Task requirements: Return all of the records exactly.
── Information shown
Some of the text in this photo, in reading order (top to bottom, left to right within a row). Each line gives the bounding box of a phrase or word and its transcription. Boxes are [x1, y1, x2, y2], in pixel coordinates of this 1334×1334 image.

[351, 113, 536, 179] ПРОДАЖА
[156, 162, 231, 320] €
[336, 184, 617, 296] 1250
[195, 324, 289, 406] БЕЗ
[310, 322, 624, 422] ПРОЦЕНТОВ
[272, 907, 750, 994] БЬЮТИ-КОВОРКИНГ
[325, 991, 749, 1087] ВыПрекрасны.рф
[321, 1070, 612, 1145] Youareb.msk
────
Solution below:
Some of the text in this photo, in reading order (top to bottom, left to right within a row). Each line gives the bounding box of a phrase or word and its transcription. Boxes are [x1, y1, x2, y2], in pixel coordinates of this 1334×1334 image.

[351, 113, 536, 179] ПРОДАЖА
[156, 162, 231, 320] €
[336, 184, 617, 296] 1250
[195, 324, 289, 406] БЕЗ
[310, 322, 624, 422] ПРОЦЕНТОВ
[272, 907, 750, 994] БЬЮТИ-КОВОРКИНГ
[325, 991, 749, 1087] ВыПрекрасны.рф
[321, 1070, 612, 1145] Youareb.msk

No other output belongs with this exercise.